#### EXERCISE PROMPT:
Could you copy every record exactly as it appears?

== DATA FOR PROCESSING ==

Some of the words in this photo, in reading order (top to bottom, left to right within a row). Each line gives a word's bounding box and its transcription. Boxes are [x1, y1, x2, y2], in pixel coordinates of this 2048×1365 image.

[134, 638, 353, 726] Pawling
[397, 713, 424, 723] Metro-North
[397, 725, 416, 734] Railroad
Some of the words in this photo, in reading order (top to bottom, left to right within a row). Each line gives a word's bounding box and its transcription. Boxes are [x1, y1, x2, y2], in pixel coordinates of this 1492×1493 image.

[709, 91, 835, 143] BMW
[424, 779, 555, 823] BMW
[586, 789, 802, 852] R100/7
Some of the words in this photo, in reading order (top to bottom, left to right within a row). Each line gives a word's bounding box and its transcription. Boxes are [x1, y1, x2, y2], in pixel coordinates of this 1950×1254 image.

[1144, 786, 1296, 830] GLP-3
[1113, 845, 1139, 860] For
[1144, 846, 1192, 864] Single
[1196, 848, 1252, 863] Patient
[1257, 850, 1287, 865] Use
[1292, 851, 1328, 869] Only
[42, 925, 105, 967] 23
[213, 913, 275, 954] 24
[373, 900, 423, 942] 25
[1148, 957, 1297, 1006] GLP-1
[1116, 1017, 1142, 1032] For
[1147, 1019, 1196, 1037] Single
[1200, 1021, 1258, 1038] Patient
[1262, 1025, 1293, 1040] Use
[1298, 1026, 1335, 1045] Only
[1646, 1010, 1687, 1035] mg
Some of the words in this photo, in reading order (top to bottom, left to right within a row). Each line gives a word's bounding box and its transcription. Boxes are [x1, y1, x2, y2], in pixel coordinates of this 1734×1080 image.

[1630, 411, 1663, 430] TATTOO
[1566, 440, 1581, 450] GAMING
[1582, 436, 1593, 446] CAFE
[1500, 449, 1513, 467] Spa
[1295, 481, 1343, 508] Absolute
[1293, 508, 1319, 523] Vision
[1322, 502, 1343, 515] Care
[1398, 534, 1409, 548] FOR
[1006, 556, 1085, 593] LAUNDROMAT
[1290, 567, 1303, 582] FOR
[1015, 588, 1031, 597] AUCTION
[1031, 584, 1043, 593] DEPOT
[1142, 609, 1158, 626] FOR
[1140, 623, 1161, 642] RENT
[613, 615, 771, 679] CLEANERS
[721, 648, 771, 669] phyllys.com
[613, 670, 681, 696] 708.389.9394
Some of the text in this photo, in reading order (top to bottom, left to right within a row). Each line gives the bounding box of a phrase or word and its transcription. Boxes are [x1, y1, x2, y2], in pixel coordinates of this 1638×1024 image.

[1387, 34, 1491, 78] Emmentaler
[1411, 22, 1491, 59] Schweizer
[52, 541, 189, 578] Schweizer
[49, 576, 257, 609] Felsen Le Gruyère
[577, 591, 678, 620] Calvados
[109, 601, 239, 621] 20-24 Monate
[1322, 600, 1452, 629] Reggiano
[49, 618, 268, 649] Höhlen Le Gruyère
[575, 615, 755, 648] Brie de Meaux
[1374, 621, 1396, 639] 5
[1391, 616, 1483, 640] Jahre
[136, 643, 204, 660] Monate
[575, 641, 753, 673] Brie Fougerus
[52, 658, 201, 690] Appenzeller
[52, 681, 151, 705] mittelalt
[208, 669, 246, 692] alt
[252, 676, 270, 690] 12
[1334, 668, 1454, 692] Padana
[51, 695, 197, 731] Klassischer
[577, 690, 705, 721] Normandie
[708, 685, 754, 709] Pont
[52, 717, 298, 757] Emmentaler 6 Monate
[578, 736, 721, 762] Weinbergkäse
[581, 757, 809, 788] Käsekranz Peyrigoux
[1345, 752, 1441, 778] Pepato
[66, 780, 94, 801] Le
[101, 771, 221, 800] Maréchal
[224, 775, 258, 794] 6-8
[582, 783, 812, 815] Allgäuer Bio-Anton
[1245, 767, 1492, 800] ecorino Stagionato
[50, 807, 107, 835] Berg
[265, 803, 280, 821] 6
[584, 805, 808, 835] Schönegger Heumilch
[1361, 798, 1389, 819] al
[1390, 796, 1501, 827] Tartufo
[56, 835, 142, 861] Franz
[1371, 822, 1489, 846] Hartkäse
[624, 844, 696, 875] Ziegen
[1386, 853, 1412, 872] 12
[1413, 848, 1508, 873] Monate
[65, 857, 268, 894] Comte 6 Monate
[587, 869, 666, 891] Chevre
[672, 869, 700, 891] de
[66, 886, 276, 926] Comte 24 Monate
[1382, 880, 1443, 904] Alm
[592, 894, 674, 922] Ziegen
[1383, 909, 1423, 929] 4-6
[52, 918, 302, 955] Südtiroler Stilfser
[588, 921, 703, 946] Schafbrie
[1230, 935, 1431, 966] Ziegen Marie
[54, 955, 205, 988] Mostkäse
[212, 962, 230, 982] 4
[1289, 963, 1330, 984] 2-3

===

#### SOLUTION TO THE EXERCISE:
Some of the words in this photo, in reading order (top to bottom, left to right within a row). Each line gives a word's bounding box and its transcription. Boxes are [x1, y1, x2, y2], in pixel coordinates of this 2048×1365 image.

[134, 638, 353, 726] Pawling
[397, 713, 424, 723] Metro-North
[397, 725, 416, 734] Railroad
Some of the words in this photo, in reading order (top to bottom, left to right within a row). Each line gives a word's bounding box and its transcription. Boxes are [x1, y1, x2, y2], in pixel coordinates of this 1492×1493 image.

[709, 91, 835, 143] BMW
[424, 779, 555, 823] BMW
[586, 789, 802, 852] R100/7
Some of the words in this photo, in reading order (top to bottom, left to right within a row). Each line gives a word's bounding box and its transcription. Boxes are [x1, y1, x2, y2], in pixel coordinates of this 1950×1254 image.

[1144, 786, 1296, 830] GLP-3
[1113, 845, 1139, 860] For
[1144, 846, 1192, 864] Single
[1196, 848, 1252, 863] Patient
[1257, 850, 1287, 865] Use
[1292, 851, 1328, 869] Only
[42, 925, 105, 967] 23
[213, 913, 275, 954] 24
[373, 900, 423, 942] 25
[1148, 957, 1297, 1006] GLP-1
[1116, 1017, 1142, 1032] For
[1147, 1019, 1196, 1037] Single
[1200, 1021, 1258, 1038] Patient
[1262, 1025, 1293, 1040] Use
[1298, 1026, 1335, 1045] Only
[1646, 1010, 1687, 1035] mg
Some of the words in this photo, in reading order (top to bottom, left to right within a row). Each line gives a word's bounding box and its transcription. Boxes are [x1, y1, x2, y2], in pixel coordinates of this 1734×1080 image.

[1630, 411, 1663, 430] TATTOO
[1566, 440, 1581, 450] GAMING
[1582, 436, 1593, 446] CAFE
[1500, 449, 1513, 467] Spa
[1295, 481, 1343, 508] Absolute
[1293, 508, 1319, 523] Vision
[1322, 502, 1343, 515] Care
[1398, 534, 1409, 548] FOR
[1006, 556, 1085, 593] LAUNDROMAT
[1290, 567, 1303, 582] FOR
[1015, 588, 1031, 597] AUCTION
[1031, 584, 1043, 593] DEPOT
[1142, 609, 1158, 626] FOR
[1140, 623, 1161, 642] RENT
[613, 615, 771, 679] CLEANERS
[721, 648, 771, 669] phyllys.com
[613, 670, 681, 696] 708.389.9394
Some of the text in this photo, in reading order (top to bottom, left to right within a row). Each line gives the bounding box of a phrase or word and its transcription. Boxes are [x1, y1, x2, y2], in pixel coordinates of this 1638×1024 image.

[1387, 34, 1491, 78] Emmentaler
[1411, 22, 1491, 59] Schweizer
[52, 541, 189, 578] Schweizer
[49, 576, 257, 609] Felsen Le Gruyère
[577, 591, 678, 620] Calvados
[109, 601, 239, 621] 20-24 Monate
[1322, 600, 1452, 629] Reggiano
[49, 618, 268, 649] Höhlen Le Gruyère
[575, 615, 755, 648] Brie de Meaux
[1374, 621, 1396, 639] 5
[1391, 616, 1483, 640] Jahre
[136, 643, 204, 660] Monate
[575, 641, 753, 673] Brie Fougerus
[52, 658, 201, 690] Appenzeller
[52, 681, 151, 705] mittelalt
[208, 669, 246, 692] alt
[252, 676, 270, 690] 12
[1334, 668, 1454, 692] Padana
[51, 695, 197, 731] Klassischer
[577, 690, 705, 721] Normandie
[708, 685, 754, 709] Pont
[52, 717, 298, 757] Emmentaler 6 Monate
[578, 736, 721, 762] Weinbergkäse
[581, 757, 809, 788] Käsekranz Peyrigoux
[1345, 752, 1441, 778] Pepato
[66, 780, 94, 801] Le
[101, 771, 221, 800] Maréchal
[224, 775, 258, 794] 6-8
[582, 783, 812, 815] Allgäuer Bio-Anton
[1245, 767, 1492, 800] ecorino Stagionato
[50, 807, 107, 835] Berg
[265, 803, 280, 821] 6
[584, 805, 808, 835] Schönegger Heumilch
[1361, 798, 1389, 819] al
[1390, 796, 1501, 827] Tartufo
[56, 835, 142, 861] Franz
[1371, 822, 1489, 846] Hartkäse
[624, 844, 696, 875] Ziegen
[1386, 853, 1412, 872] 12
[1413, 848, 1508, 873] Monate
[65, 857, 268, 894] Comte 6 Monate
[587, 869, 666, 891] Chevre
[672, 869, 700, 891] de
[66, 886, 276, 926] Comte 24 Monate
[1382, 880, 1443, 904] Alm
[592, 894, 674, 922] Ziegen
[1383, 909, 1423, 929] 4-6
[52, 918, 302, 955] Südtiroler Stilfser
[588, 921, 703, 946] Schafbrie
[1230, 935, 1431, 966] Ziegen Marie
[54, 955, 205, 988] Mostkäse
[212, 962, 230, 982] 4
[1289, 963, 1330, 984] 2-3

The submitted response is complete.